#### EXERCISE DIRECTIONS:
Omitting the pictures, restate all of the entries below exactly.

#### Referring expression grounding data:

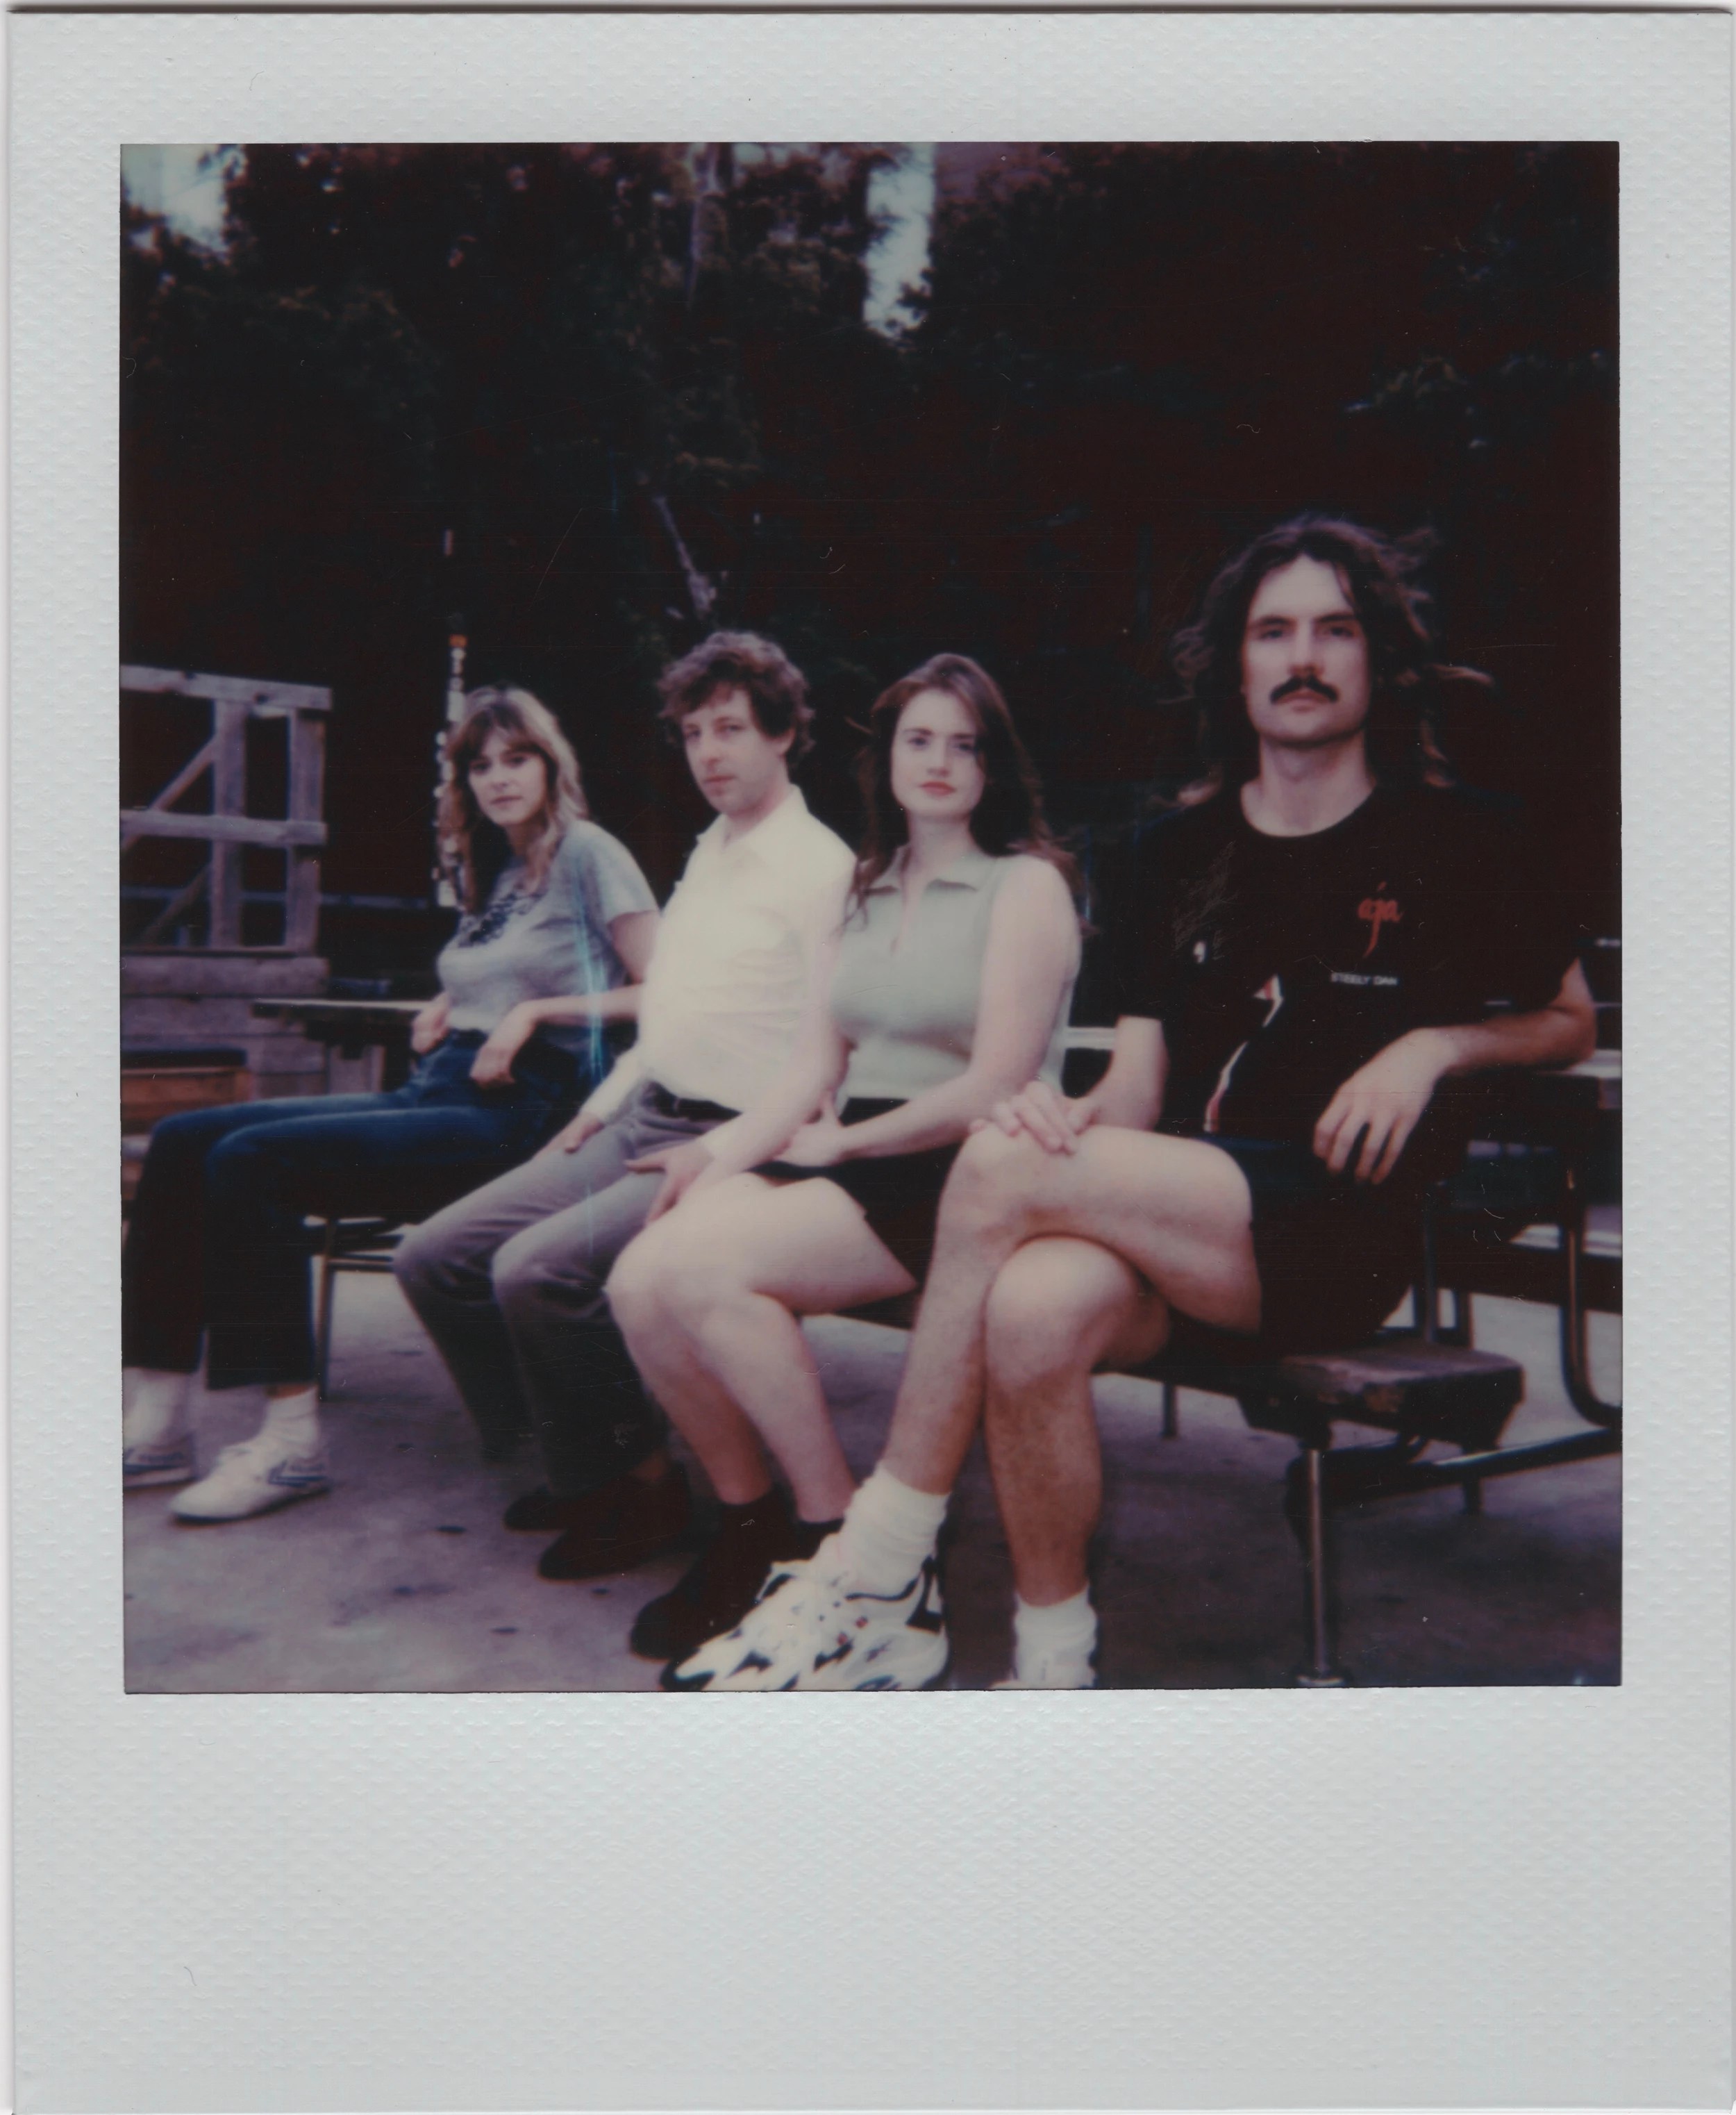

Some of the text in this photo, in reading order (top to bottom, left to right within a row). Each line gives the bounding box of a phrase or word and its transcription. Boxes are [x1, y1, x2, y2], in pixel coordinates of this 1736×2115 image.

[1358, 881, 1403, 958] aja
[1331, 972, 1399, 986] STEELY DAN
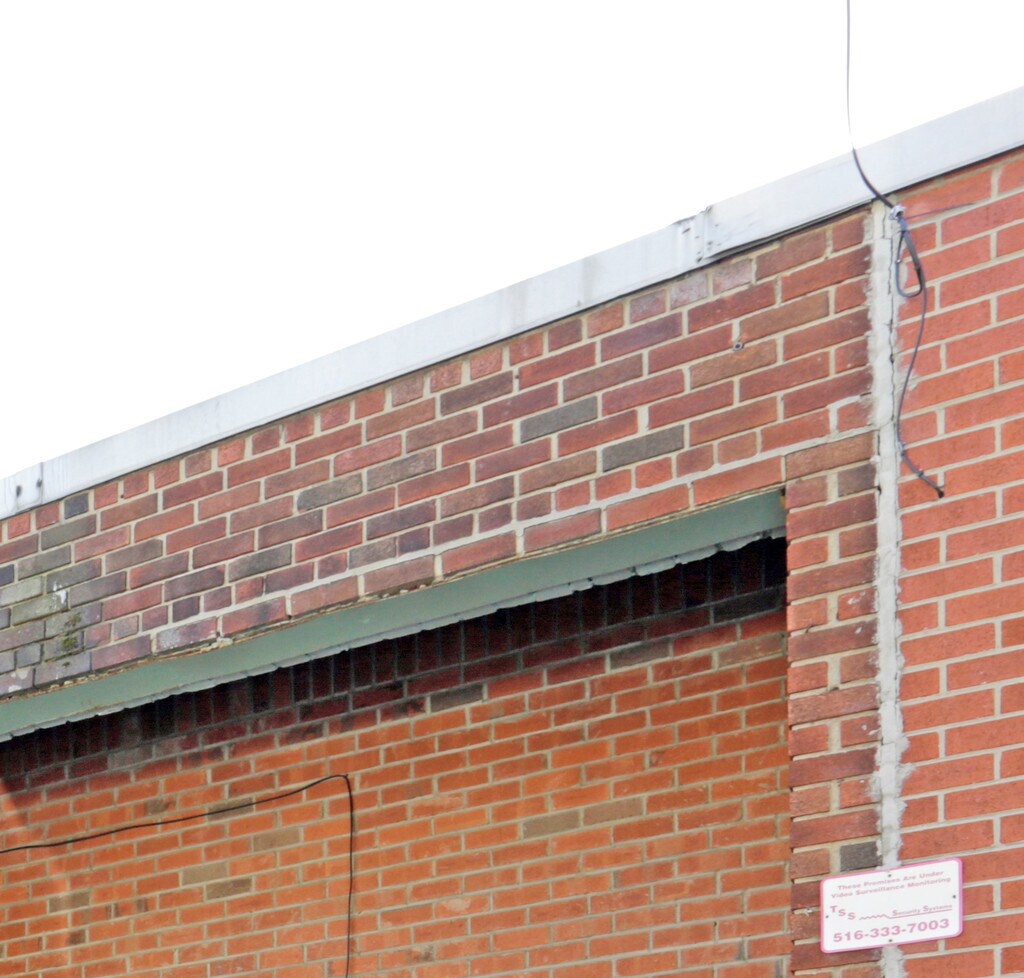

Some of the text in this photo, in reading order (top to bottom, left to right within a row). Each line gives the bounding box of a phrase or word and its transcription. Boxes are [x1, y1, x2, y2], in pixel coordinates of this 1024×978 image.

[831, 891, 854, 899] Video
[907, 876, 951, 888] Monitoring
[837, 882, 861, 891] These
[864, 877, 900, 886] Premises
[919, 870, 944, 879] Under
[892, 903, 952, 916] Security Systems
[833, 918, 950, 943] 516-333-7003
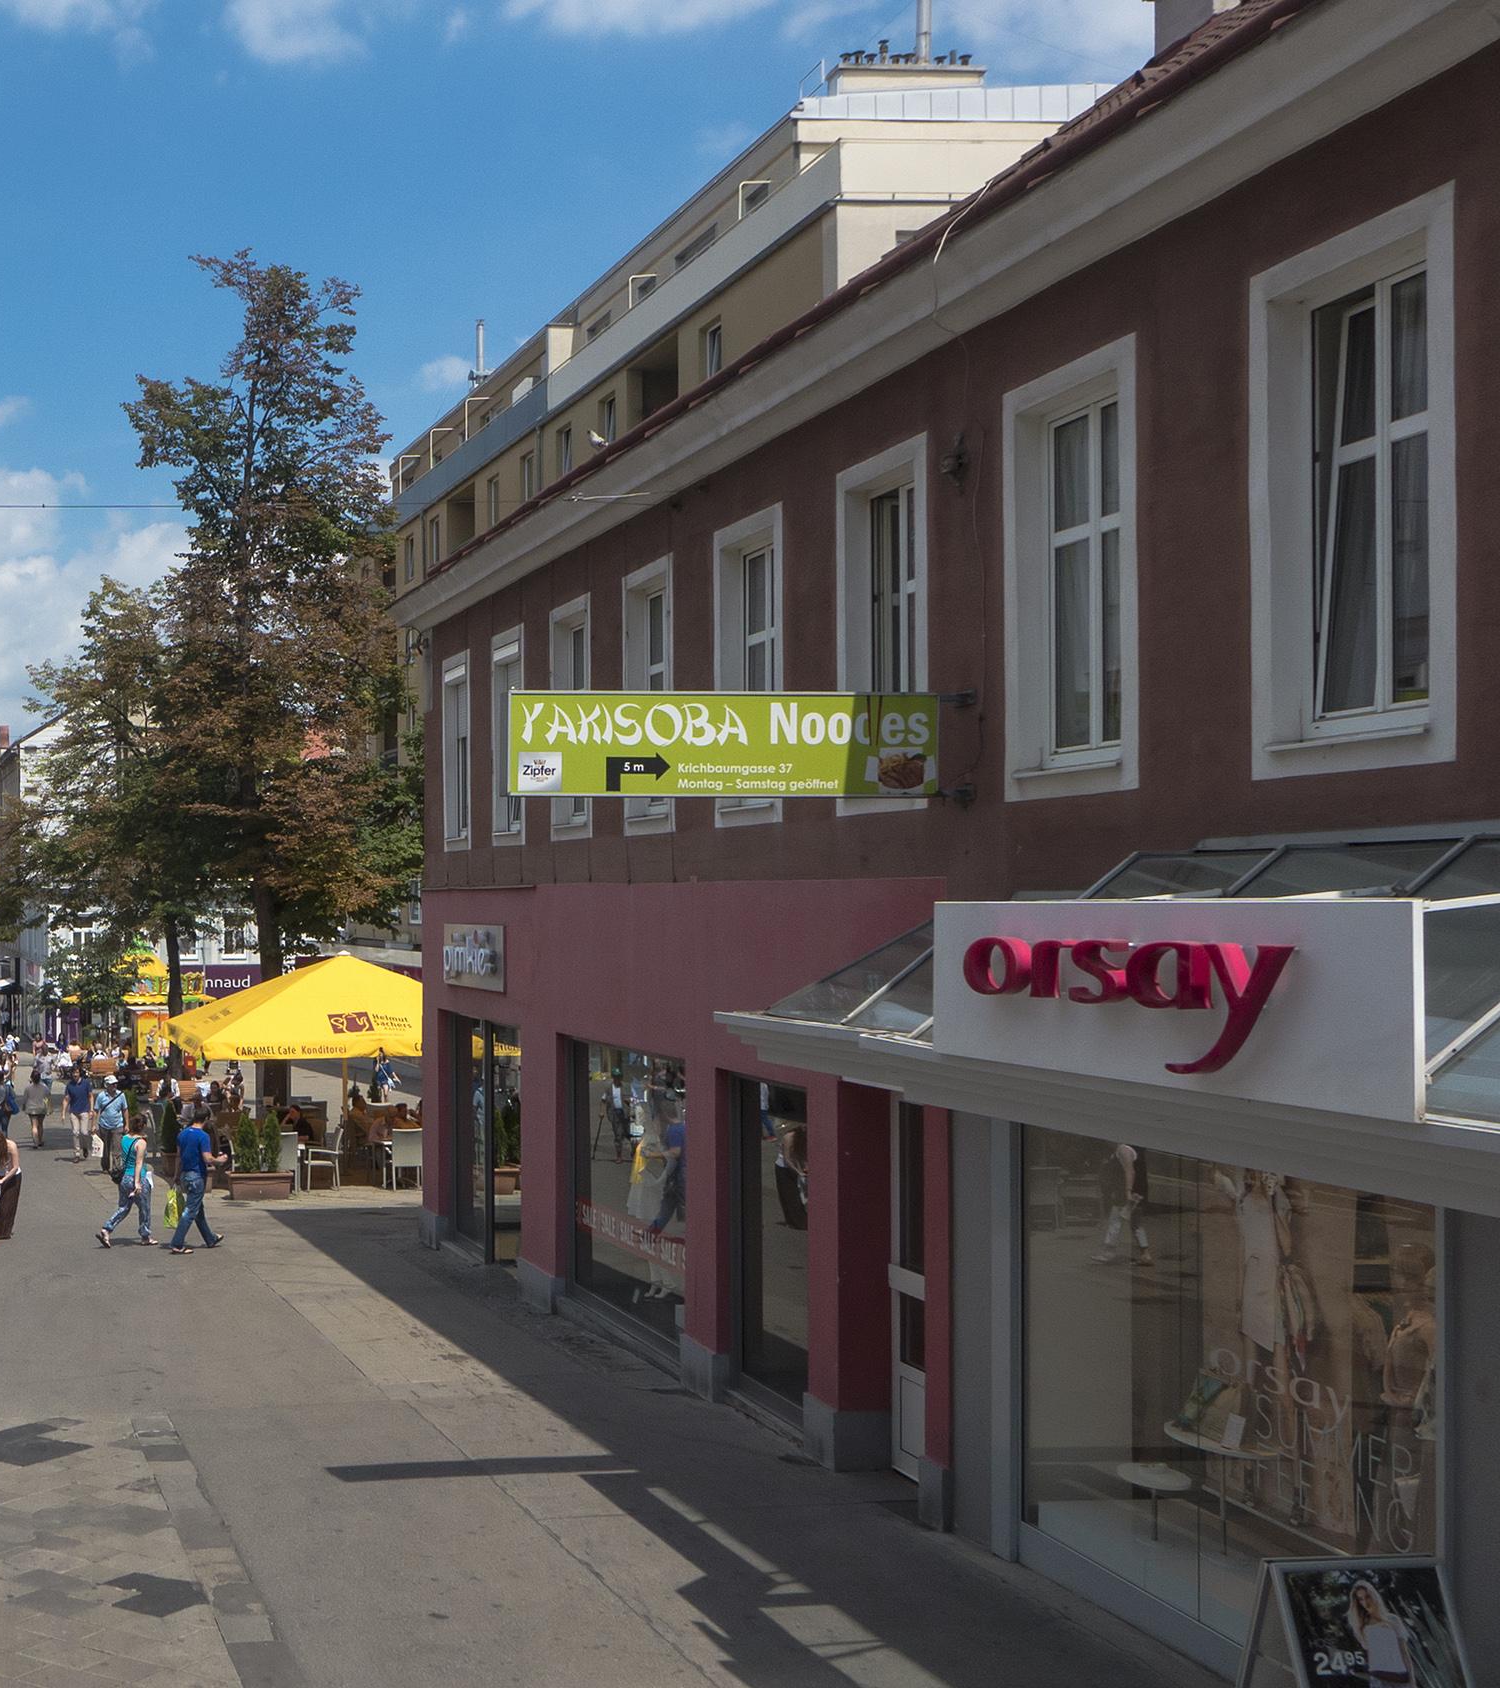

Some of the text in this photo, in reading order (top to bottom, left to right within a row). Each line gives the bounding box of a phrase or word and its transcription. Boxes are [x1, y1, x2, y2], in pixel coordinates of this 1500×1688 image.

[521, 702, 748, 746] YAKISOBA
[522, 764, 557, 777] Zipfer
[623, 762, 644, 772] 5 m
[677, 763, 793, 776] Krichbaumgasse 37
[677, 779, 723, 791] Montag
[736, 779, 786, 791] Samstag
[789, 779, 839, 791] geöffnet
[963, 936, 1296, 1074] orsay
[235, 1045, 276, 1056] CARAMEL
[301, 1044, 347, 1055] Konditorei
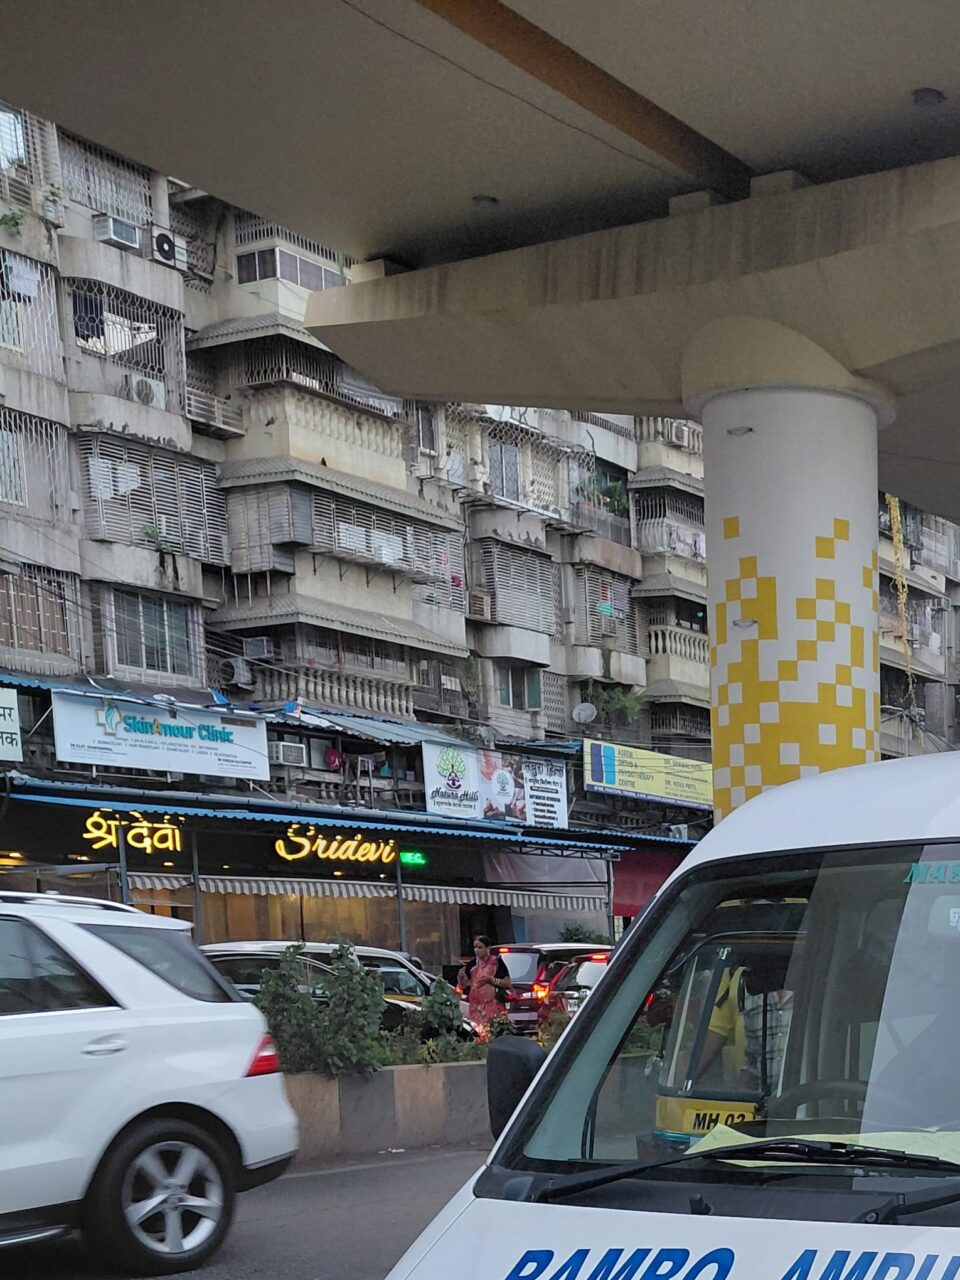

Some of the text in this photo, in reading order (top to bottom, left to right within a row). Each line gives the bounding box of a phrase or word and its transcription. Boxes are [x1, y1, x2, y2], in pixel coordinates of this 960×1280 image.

#### TASK RESULT:
Some of the text in this photo, in reading order (top to bottom, left to right within a row). Each line gives the bounding box of a phrase or word and its transcription. Boxes are [x1, y1, x2, y2], in pixel coordinates of this 1736×2115 image.

[1358, 881, 1403, 958] aja
[1331, 972, 1399, 986] STEELY DAN

Some of the text in this photo, in reading order (top to bottom, left to right within a row). Each line gives the bounding box of a phrase or word and its transcription. Boxes are [x1, y1, x2, y2], in pixel coordinates of this 1024×978 image.

[831, 891, 854, 899] Video
[907, 876, 951, 888] Monitoring
[837, 882, 861, 891] These
[864, 877, 900, 886] Premises
[919, 870, 944, 879] Under
[892, 903, 952, 916] Security Systems
[833, 918, 950, 943] 516-333-7003

Some of the text in this photo, in reading order (top to bottom, left to right within a row). Each line gives the bounding box of a phrase or word and its transcription. Boxes are [x1, y1, x2, y2], in pixel coordinates of this 1500×1688 image.

[521, 702, 748, 746] YAKISOBA
[522, 764, 557, 777] Zipfer
[623, 762, 644, 772] 5 m
[677, 763, 793, 776] Krichbaumgasse 37
[677, 779, 723, 791] Montag
[736, 779, 786, 791] Samstag
[789, 779, 839, 791] geöffnet
[963, 936, 1296, 1074] orsay
[235, 1045, 276, 1056] CARAMEL
[301, 1044, 347, 1055] Konditorei

Some of the text in this photo, in reading order (top to bottom, left to right within a row). Each line gives the bounding box of a phrase or word and its transcription. Boxes are [x1, y1, x2, y2], in pixel coordinates of this 960×1280 image.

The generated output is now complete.